Task to carry out: Print the entries underneath word for word, omitting whatever pictures they contain.

--- START ---

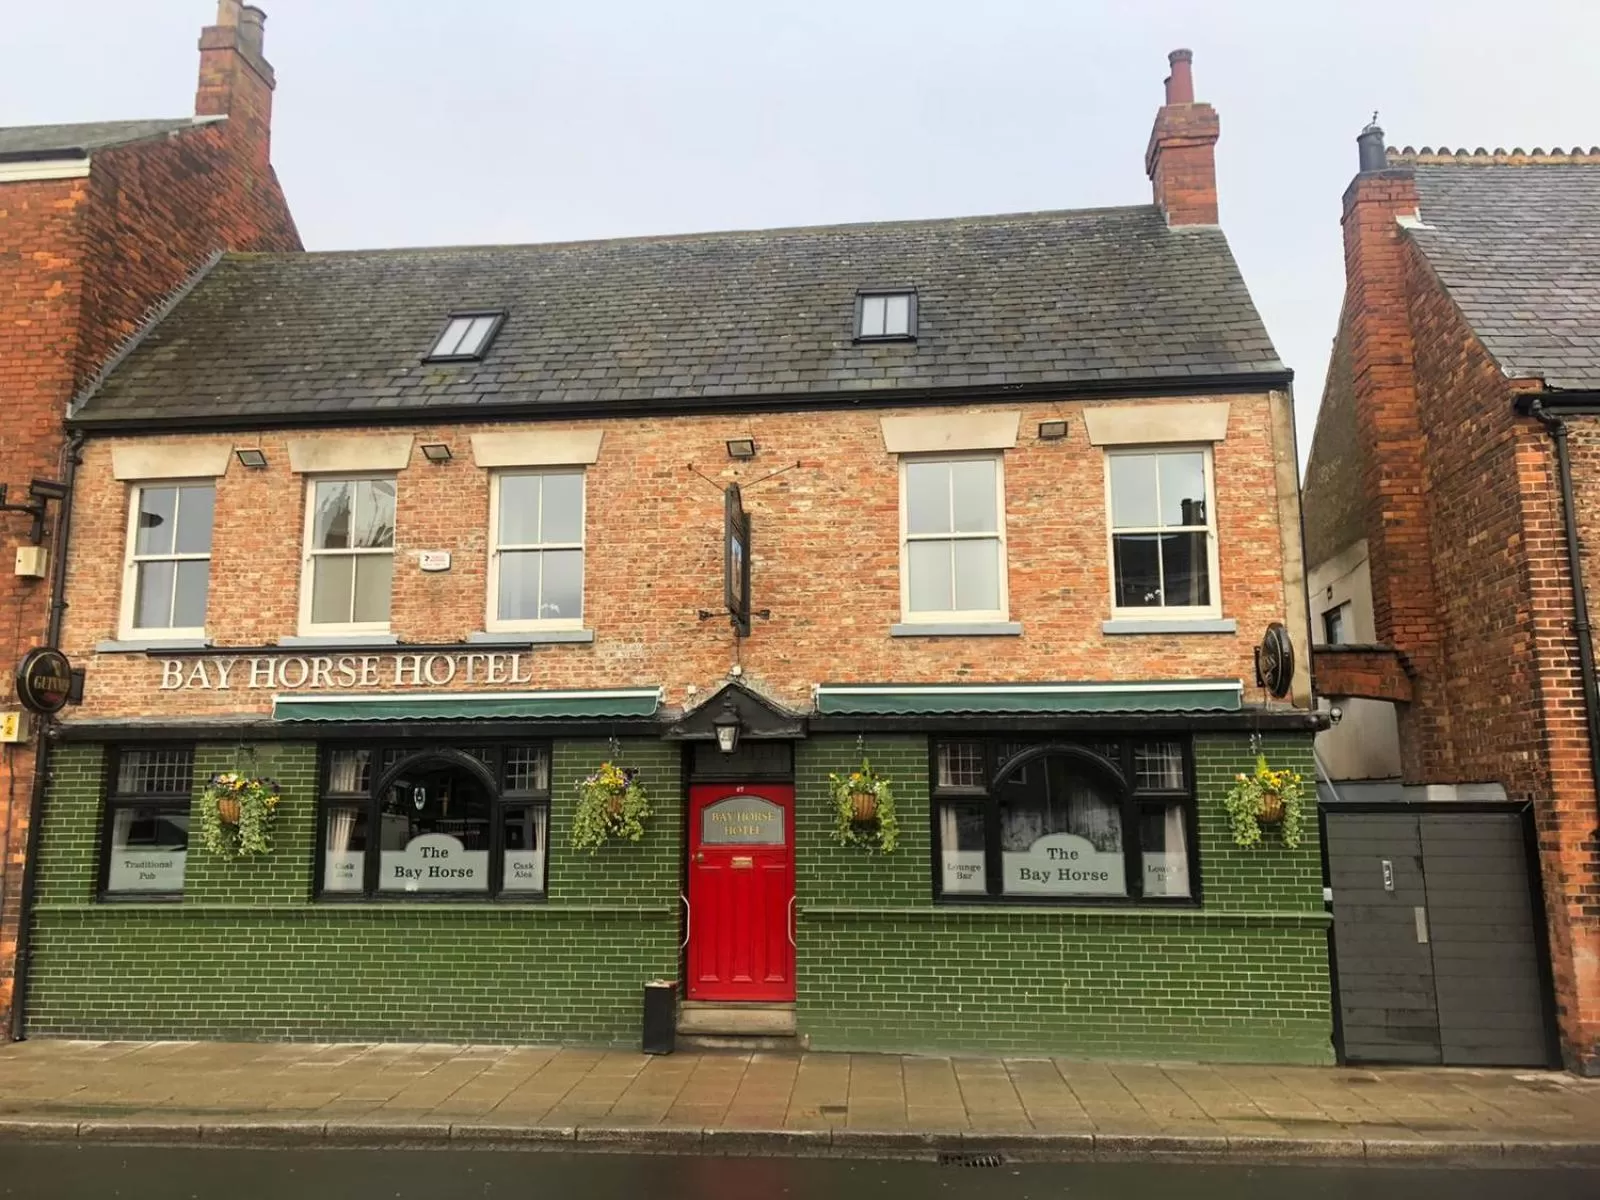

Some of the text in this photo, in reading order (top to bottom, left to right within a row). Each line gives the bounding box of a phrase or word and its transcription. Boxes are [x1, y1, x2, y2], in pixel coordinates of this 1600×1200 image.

[159, 653, 533, 691] BAY HORSE HOTEL
[711, 811, 776, 822] BAY HORSE
[724, 825, 763, 836] HOTEL
[420, 846, 449, 859] The
[1046, 847, 1080, 860] The
[124, 860, 173, 869] Traditional
[513, 862, 535, 871] Cask
[139, 871, 156, 880] Pub
[394, 865, 474, 880] Bay Horse
[514, 871, 533, 879] Ales
[956, 871, 973, 880] Bar
[1019, 867, 1109, 884] Bay Horse
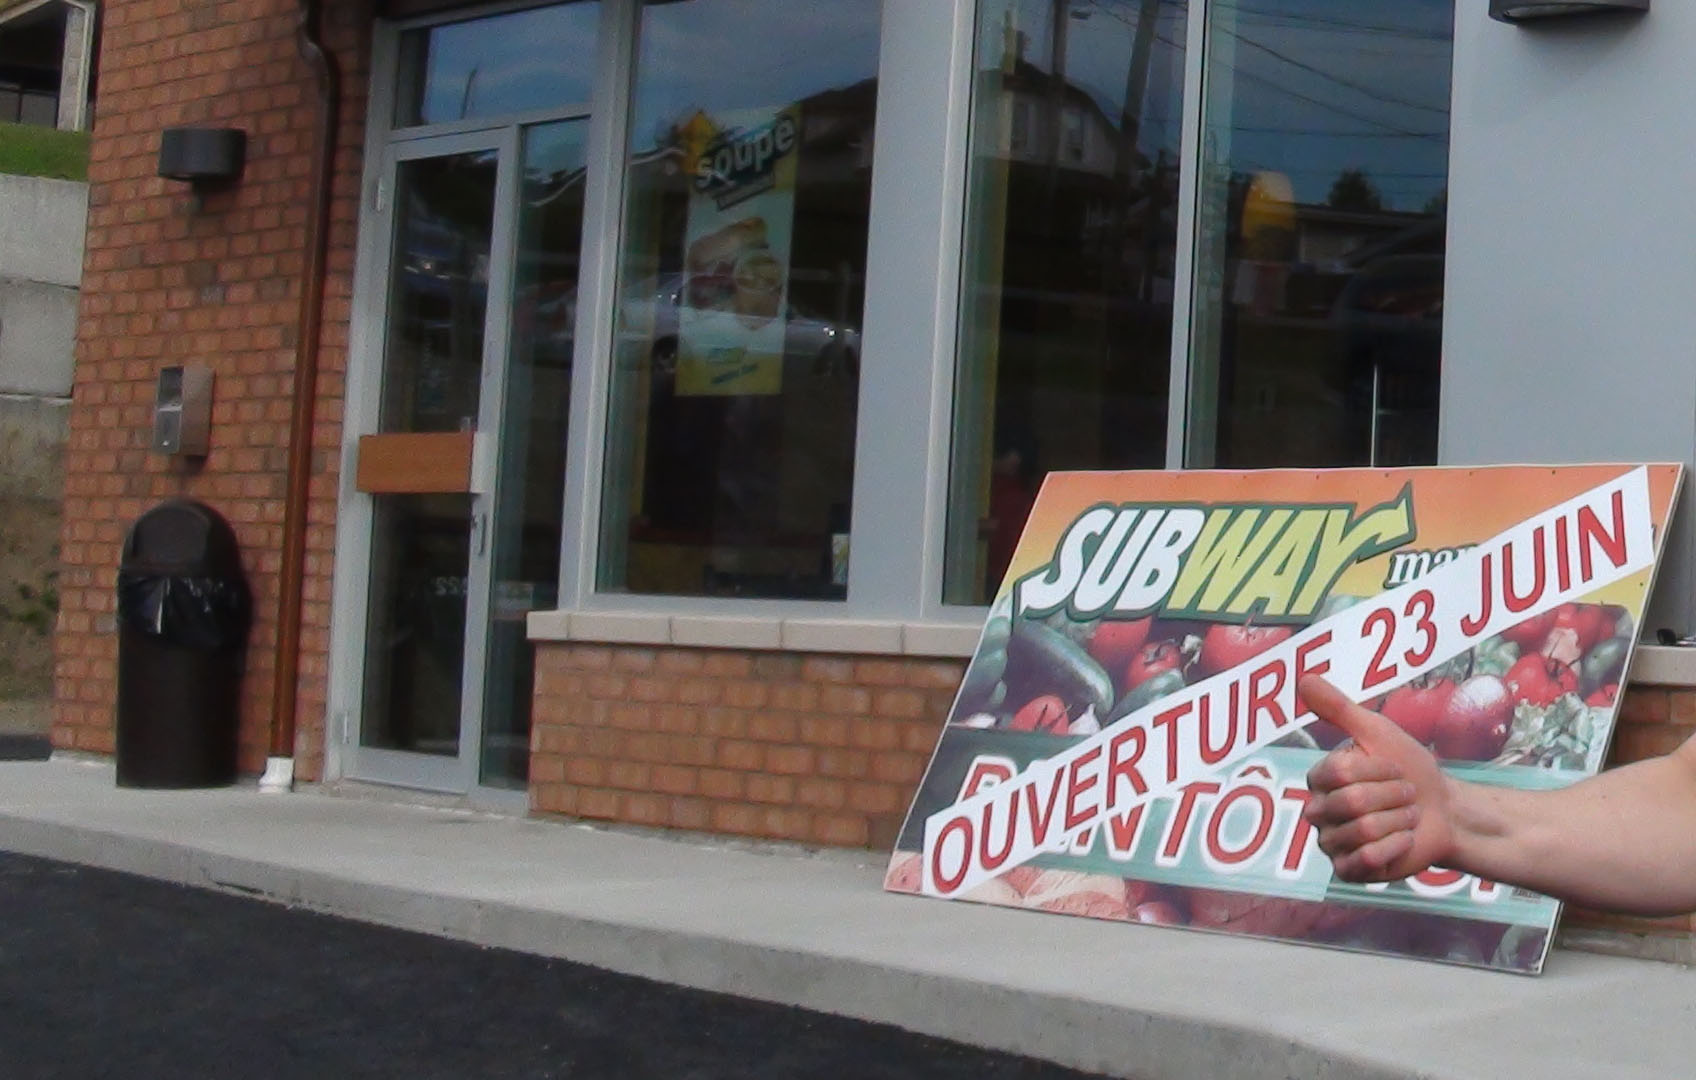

--- END ---

Reply to the task:
Some of the text in this photo, in reading order (top to bottom, left to right within a row). Each line gives the bounding box of a phrase or word and its transcription. Boxes are [x1, y1, x2, y2], in pixel coordinates of this 1600×1200 image.

[159, 653, 533, 691] BAY HORSE HOTEL
[711, 811, 776, 822] BAY HORSE
[724, 825, 763, 836] HOTEL
[420, 846, 449, 859] The
[1046, 847, 1080, 860] The
[124, 860, 173, 869] Traditional
[513, 862, 535, 871] Cask
[139, 871, 156, 880] Pub
[394, 865, 474, 880] Bay Horse
[514, 871, 533, 879] Ales
[956, 871, 973, 880] Bar
[1019, 867, 1109, 884] Bay Horse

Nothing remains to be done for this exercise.